Comme je l’analysais dans un ouvrage récent ‘Pour un grand retournement politique, Editions du Bien commun, Paris, 2019) « un paradigme, au sens de Kuhn, est ce qui structure la représentation des choses au niveau collectif, conduisant à sélectionner certains modes de pensée et d’expression au détriment d’autres pourtant aussi légitimes a priori. » En l’espèce, « c’est l’idée qu’il n’y a pas de vérité objective en matière morale, politique et sociale, d’où le droit de chacun à se déterminer comme il l’entend. Et qu’il est bon d’émanciper les individus ou les sociétés, ce qui est compris comme la remise en cause des valeurs collectives, des références au vrai et au bien jusque-là reconnues, et des autorités correspondantes. Cet objectif de neutralité émergé au XVIIe siècle, a fait progressivement sentir ses effets jusqu’à culminer dans le relativisme actuel, qu’on appelle maintenant post-moderne, pour qui la seule notion du bien est le droit de chacun à définir comme il l’entend ses valeurs et références dans tous les domaines, sous réserve du droit équivalent du voisin. » Or « une telle attitude est sans précédent dans l’histoire. Tous les systèmes de valeurs antérieurs affichaient une conception ou une autre du bien, fondée en définitive sur une idée de la nature humaine. »
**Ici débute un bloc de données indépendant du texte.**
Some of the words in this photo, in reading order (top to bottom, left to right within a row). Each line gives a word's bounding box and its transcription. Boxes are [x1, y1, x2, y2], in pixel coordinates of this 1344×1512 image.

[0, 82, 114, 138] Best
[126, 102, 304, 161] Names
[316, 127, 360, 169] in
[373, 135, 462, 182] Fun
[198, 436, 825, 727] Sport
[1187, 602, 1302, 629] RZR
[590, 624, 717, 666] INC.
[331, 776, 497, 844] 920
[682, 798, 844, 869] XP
« On ne comprend pas cette idée de neutralité, et le matérialisme qui lui est sous-jacent, si on ne le complète pas par la promesse d’émancipation qu’il contient. Car il ne s’agit pas seulement de proclamer négativement l’absence de référence objective au bien ou à la communauté ; il s’agit de proclamer le droit des individus ou des peuples à s’affranchir de ces règles et références communes pour construire à volonté leur cadre et leur avenir, droit qui est de fait proclamé, paradoxalement, comme une forme de bien ou plutôt comme le seul ‘bien’ collectivement reconnu. » « La légitimité reposera alors à la fois sur ce corpus idéologique et sur les procédures qui définissent les règles du jeu. Les unes et les autres étant changeantes, la légitimité est désormais glissante au gré de ce qu’on perçoit comme le sens de l’histoire. »
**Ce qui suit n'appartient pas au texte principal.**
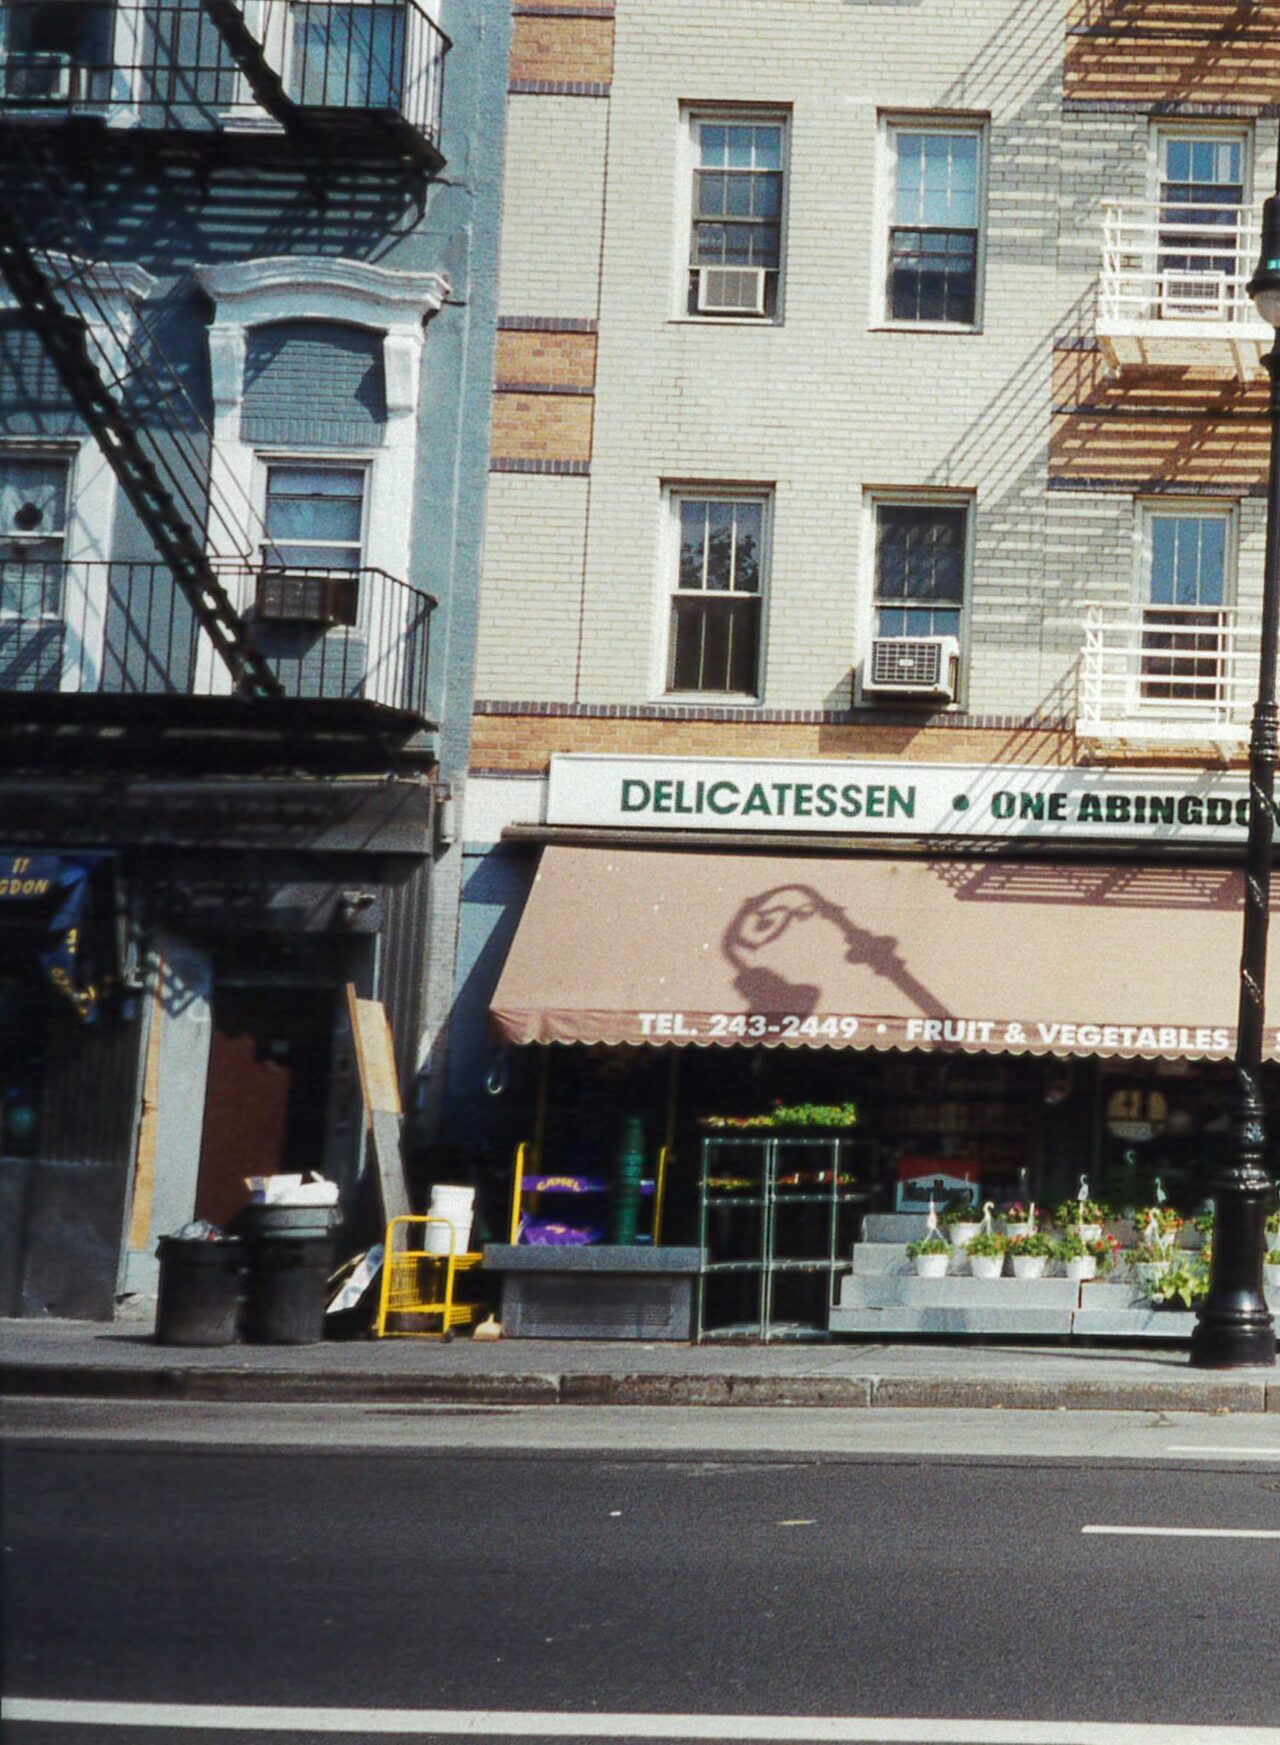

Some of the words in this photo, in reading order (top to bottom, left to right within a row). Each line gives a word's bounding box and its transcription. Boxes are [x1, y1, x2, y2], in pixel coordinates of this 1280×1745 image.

[620, 778, 917, 818] DELICATESSEN
[991, 790, 1068, 822] ONE
[637, 1012, 698, 1036] TEL.
[708, 1013, 859, 1040] 243-2449
[905, 1019, 997, 1043] FRUIT
[1003, 1023, 1027, 1044] &
[1037, 1023, 1229, 1050] VEGETABLES
[536, 1176, 582, 1192] CAMEL
« Mais il se révèle aussi plus que jamais une impasse, car la pluralité de fait des morales, valeurs et cultures etc., que cela génère s’avère très difficile à gérer, comme le montrent les turpitudes et limites du système, son incapacité croissante à donner des règles claires pour la vie commune, notamment dans la délimitation des droits réciproques des uns et des autres - par exemple entre la lutte contre la pédophilie ou les autres abus sexuels, et la déferlante pornographique. Et son nihilisme latent est au fond désespérant. D’où son recours sans cesse croissant à des réglementations, dans tous les domaines, et donc à une forme d’étatisation ; mais aussi l’impuissance croissante du politique ». Le niveau extrême est ce relativisme des universités américaines, cette exaltation de la diversité aboutissant à disqualifier un discours tenu par quelqu’un parce qu’il est blanc ou masculin. Mais il est important de rappeler que son origine n’est pas dans une contestation extérieure de la postmodernité, mais dans son exacerbation. Ce que ressent l’individu devient un absolu. Et toute idée d’universalité disparaît. Ou plus exactement il ne reste qu’en affirmation à prétention universelle, qui est au fond procédurale : l’affirmation de règles du jeu social.
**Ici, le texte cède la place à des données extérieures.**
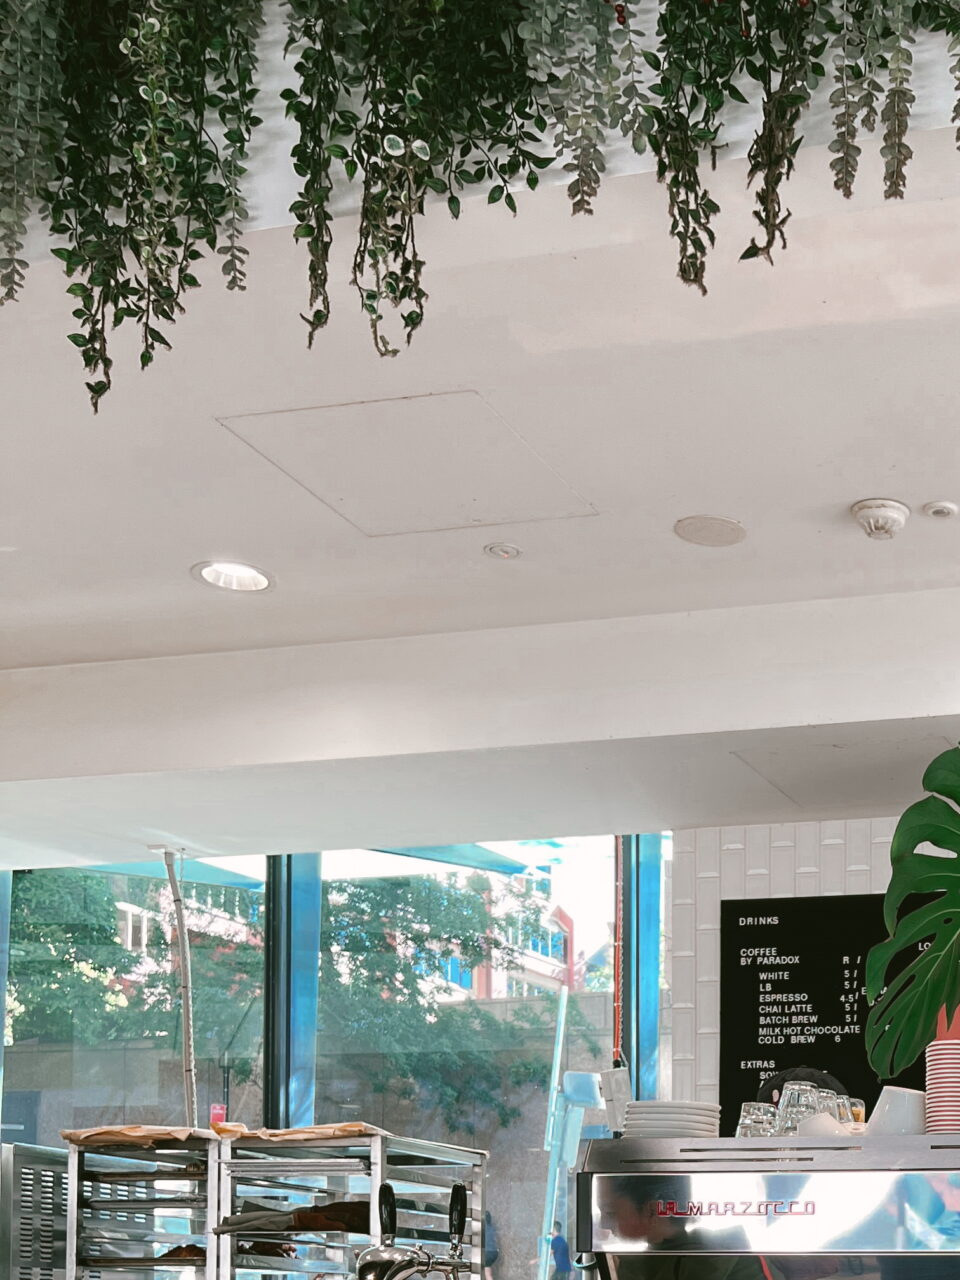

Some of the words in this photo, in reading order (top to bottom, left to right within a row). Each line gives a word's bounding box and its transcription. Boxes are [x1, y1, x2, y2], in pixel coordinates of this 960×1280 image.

[739, 916, 779, 926] DRINKS
[740, 947, 778, 956] COFFEE
[740, 957, 752, 966] BY
[757, 956, 800, 965] PARADOX
[759, 971, 790, 980] WHITE
[759, 983, 772, 992] LB
[759, 993, 808, 1002] ESPRESSO
[759, 1005, 782, 1014] CHAI
[785, 1004, 813, 1013] LATTE
[759, 1016, 789, 1025] BATCH
[791, 1015, 818, 1024] BREW
[758, 1027, 781, 1036] MILK
[783, 1027, 802, 1035] HOT
[804, 1025, 861, 1034] CHOCOLATE
[790, 1035, 816, 1044] BREW
[834, 1035, 841, 1043] 6
[740, 1060, 776, 1069] EXTRAS
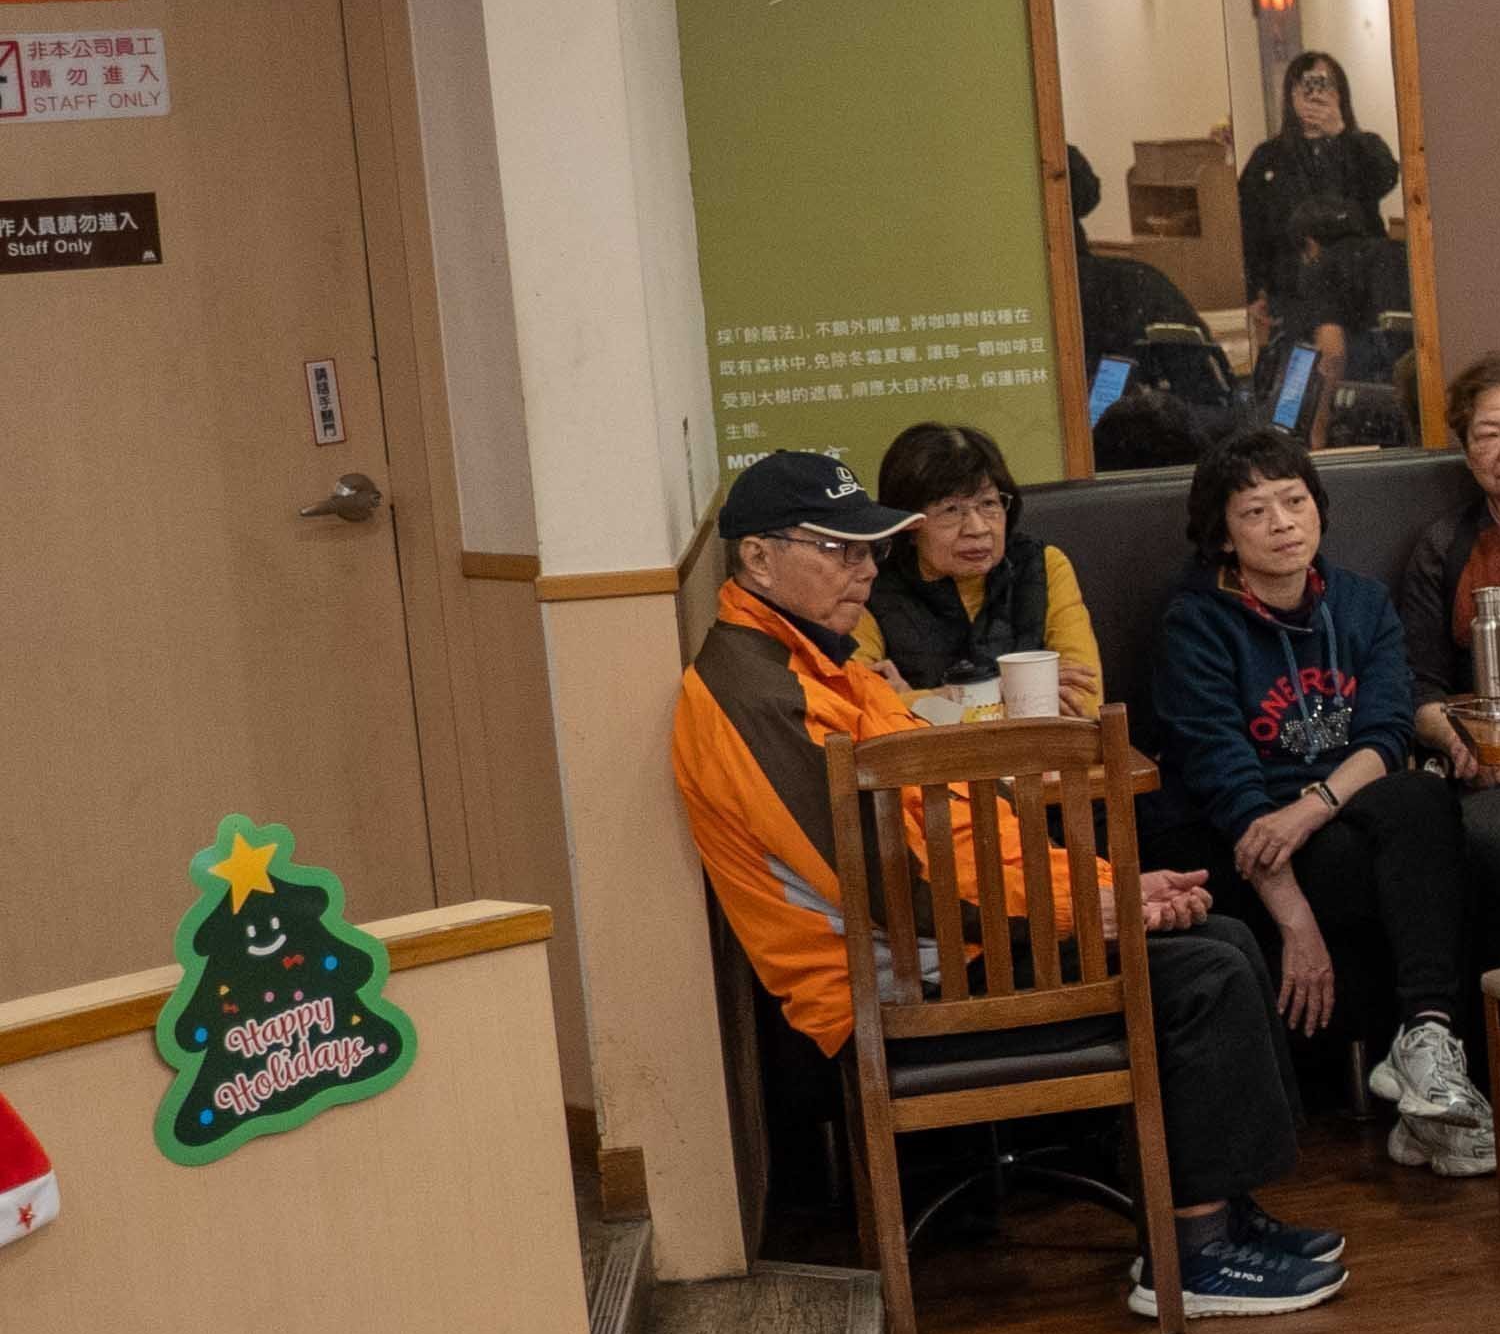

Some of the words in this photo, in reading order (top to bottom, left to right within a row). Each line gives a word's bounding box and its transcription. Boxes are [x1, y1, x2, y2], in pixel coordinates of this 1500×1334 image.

[28, 37, 157, 60] 非本公司員工
[30, 65, 160, 89] 請勿進入
[33, 94, 97, 113] STAFF
[109, 91, 162, 110] ONLY
[8, 239, 51, 257] Staff
[54, 239, 93, 255] Only
[225, 996, 335, 1059] Happy
[214, 1034, 375, 1115] Holidays
La remise en cause de la conception dominante

De ce fait la conception dominante, occidentale, celle qui est doctrine officielle à l’ONU, ne se fonde pas sur une référence commune objective, encore moins stable, par exemple des droits de l’homme ; mais sur des règles du jeu. Mais alors il n’y a pas de limite intellectuelle à la divergence des interprétations, comme à l’évolution dans le temps. La probabilité est donc de divergences croissantes. Le recul de l’universalité ne provient donc pas seulement de l’arrogance occidentale, mais du fond même de sa conception. Mais ce risque de divergence pousse aussi le monde occidental à une tentation moralisante paradoxale, avec en pratique l’imposition idéologique (au moins dans les pays occidentaux) d’un référent politiquement correct. Inversement, la critique de cette conception occidentale ne résulte pas seulement du fait qu’on affirme des valeurs alternatives, mais aussi, voire surtout, de la critique des limites de ce cadre de pensée dominant. Parmi celles-ci, on notera en particulier son absence du sens de la communauté, son refus de reconnaître l’homme comme être de relations inséré dans des communautés, ainsi que sa négation des valeurs morales objectives.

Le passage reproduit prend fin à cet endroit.